┌─ Available records

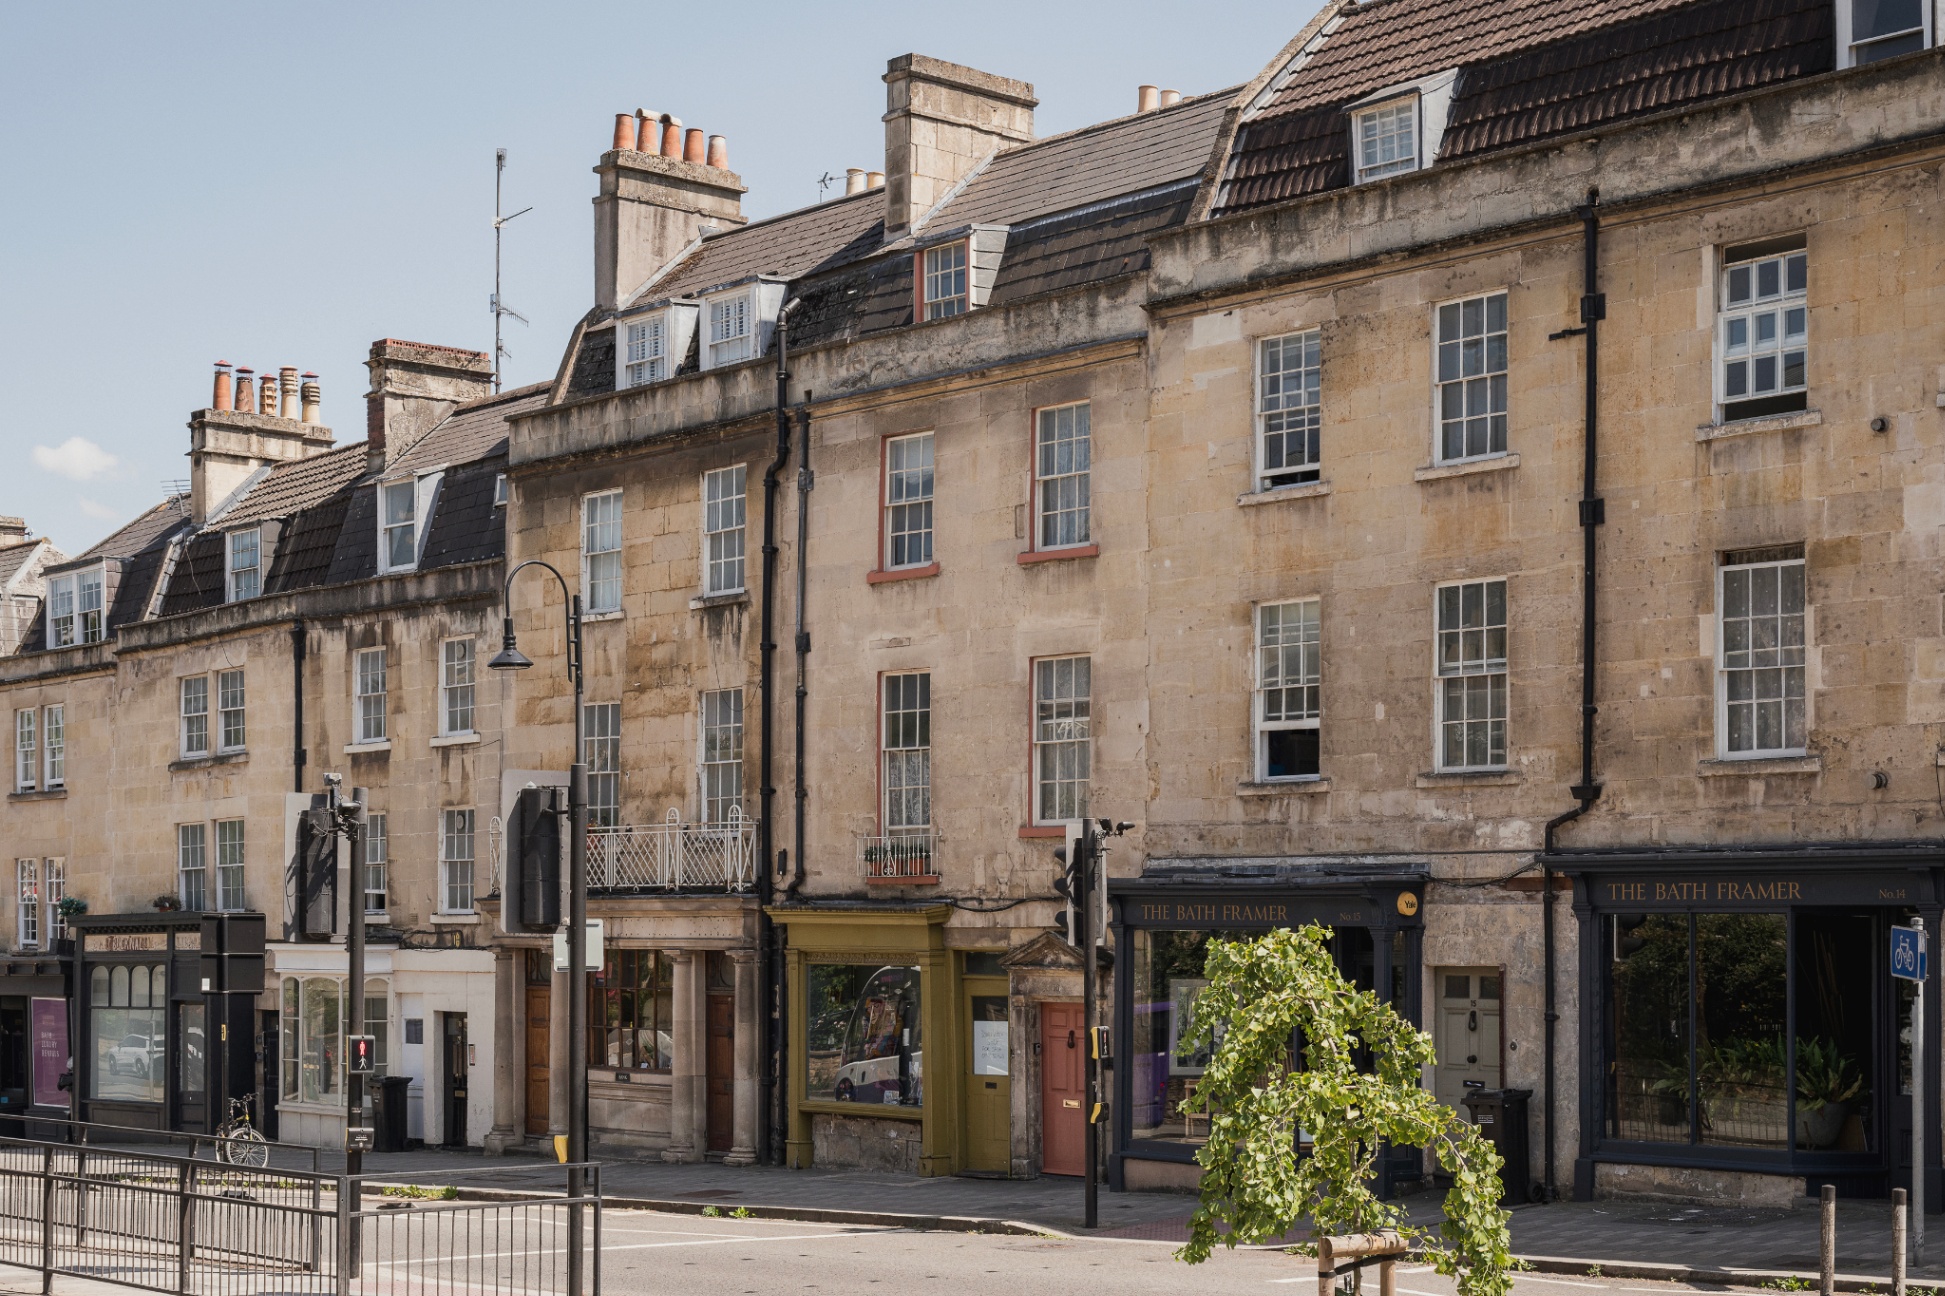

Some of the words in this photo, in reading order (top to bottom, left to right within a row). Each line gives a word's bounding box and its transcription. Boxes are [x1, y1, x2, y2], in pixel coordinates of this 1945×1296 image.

[1607, 883, 1646, 900] THE
[1655, 882, 1707, 900] BATH
[1716, 881, 1801, 900] FRAMER
[1141, 904, 1170, 921] THE
[1176, 904, 1216, 921] BATH
[1222, 904, 1288, 921] FRAMER
[1404, 900, 1416, 909] Yale
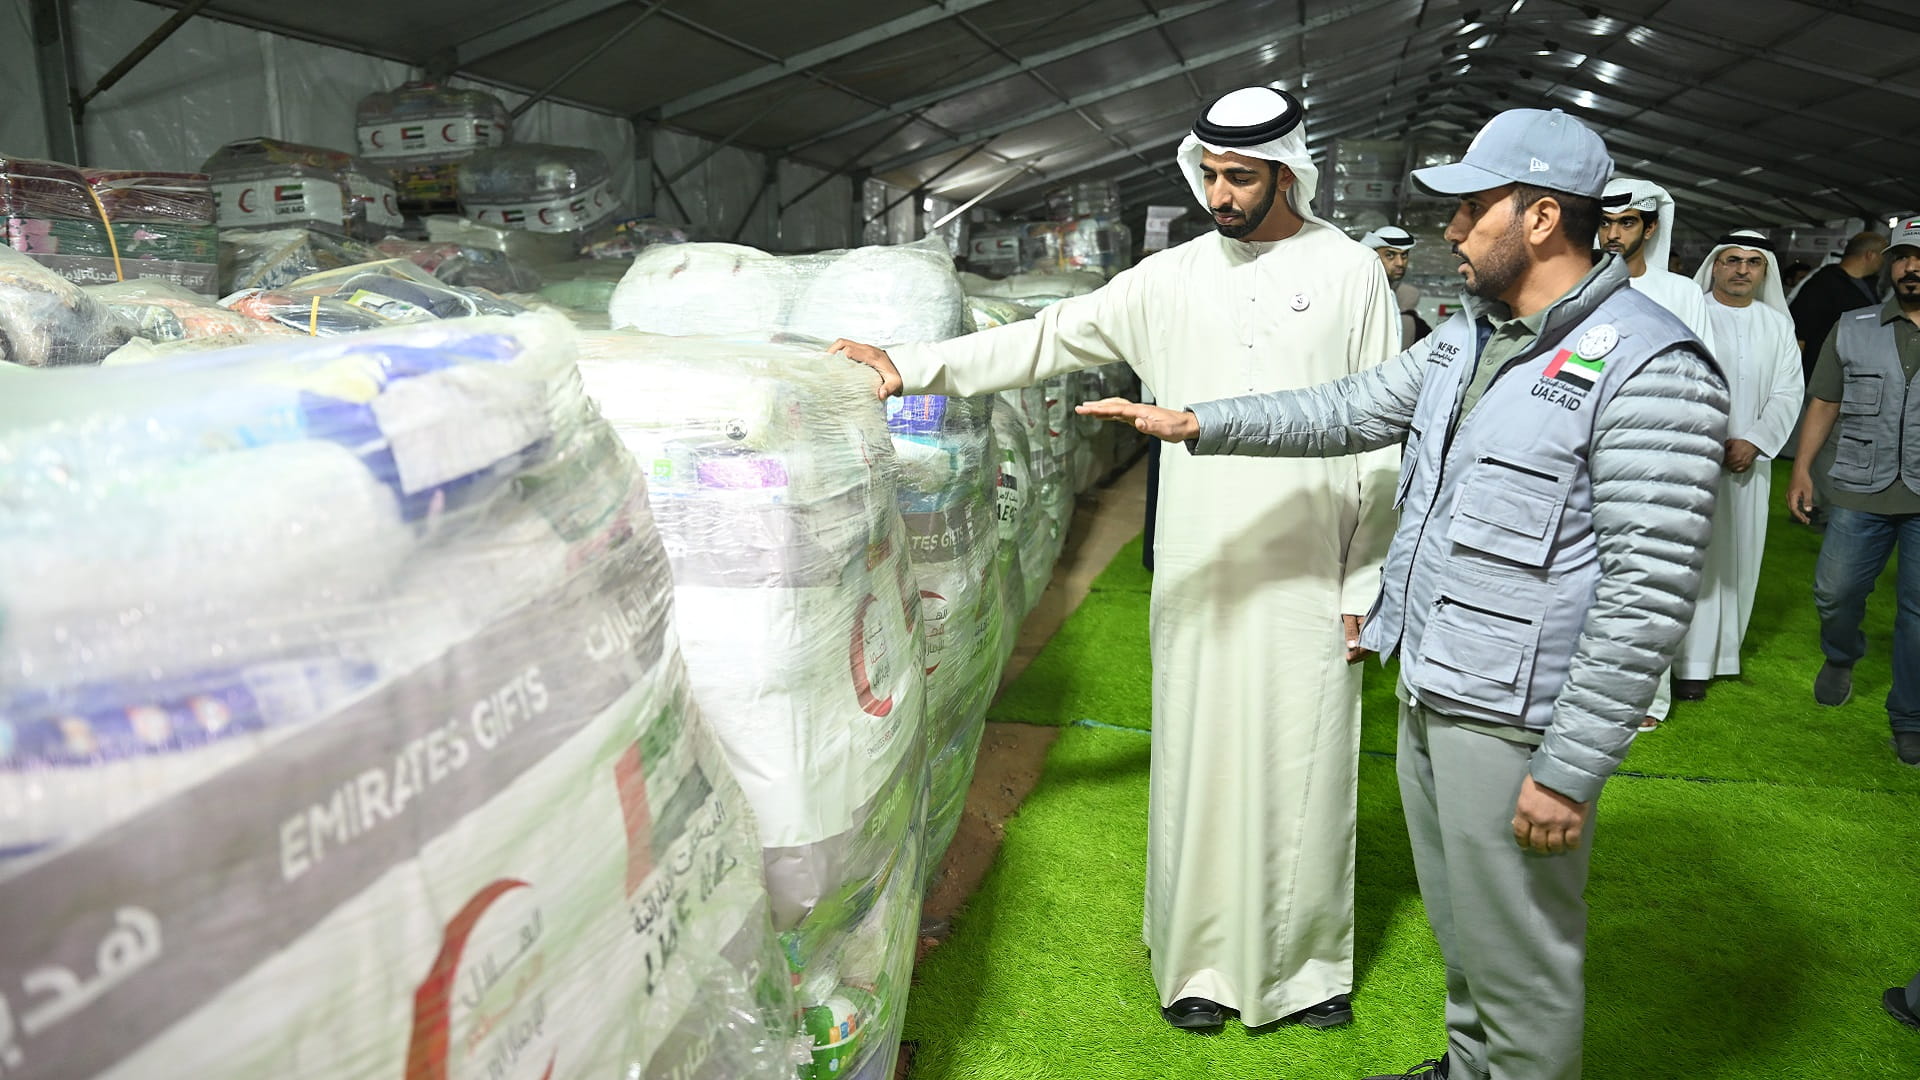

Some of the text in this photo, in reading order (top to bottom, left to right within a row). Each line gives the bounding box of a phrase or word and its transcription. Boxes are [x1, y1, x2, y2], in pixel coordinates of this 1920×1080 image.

[1531, 383, 1581, 411] UAE AID
[279, 665, 550, 883] EMIRATES GIFTS

└─

• Activity
Transcribe each entry above exactly, apart from the pictures.

• Answer space
Some of the words in this photo, in reading order (top to bottom, left to right within a row). Each line gives a word's bounding box and its transcription. Boxes are [x1, y1, x2, y2], in pixel coordinates of this 1945×1296 image.

[1607, 883, 1646, 900] THE
[1655, 882, 1707, 900] BATH
[1716, 881, 1801, 900] FRAMER
[1141, 904, 1170, 921] THE
[1176, 904, 1216, 921] BATH
[1222, 904, 1288, 921] FRAMER
[1404, 900, 1416, 909] Yale

Some of the text in this photo, in reading order (top to bottom, left to right within a row). Each line gives the bounding box of a phrase or word and its transcription. Boxes are [x1, y1, x2, y2], in pixel coordinates of this 1920×1080 image.

[1531, 383, 1581, 411] UAE AID
[279, 665, 550, 883] EMIRATES GIFTS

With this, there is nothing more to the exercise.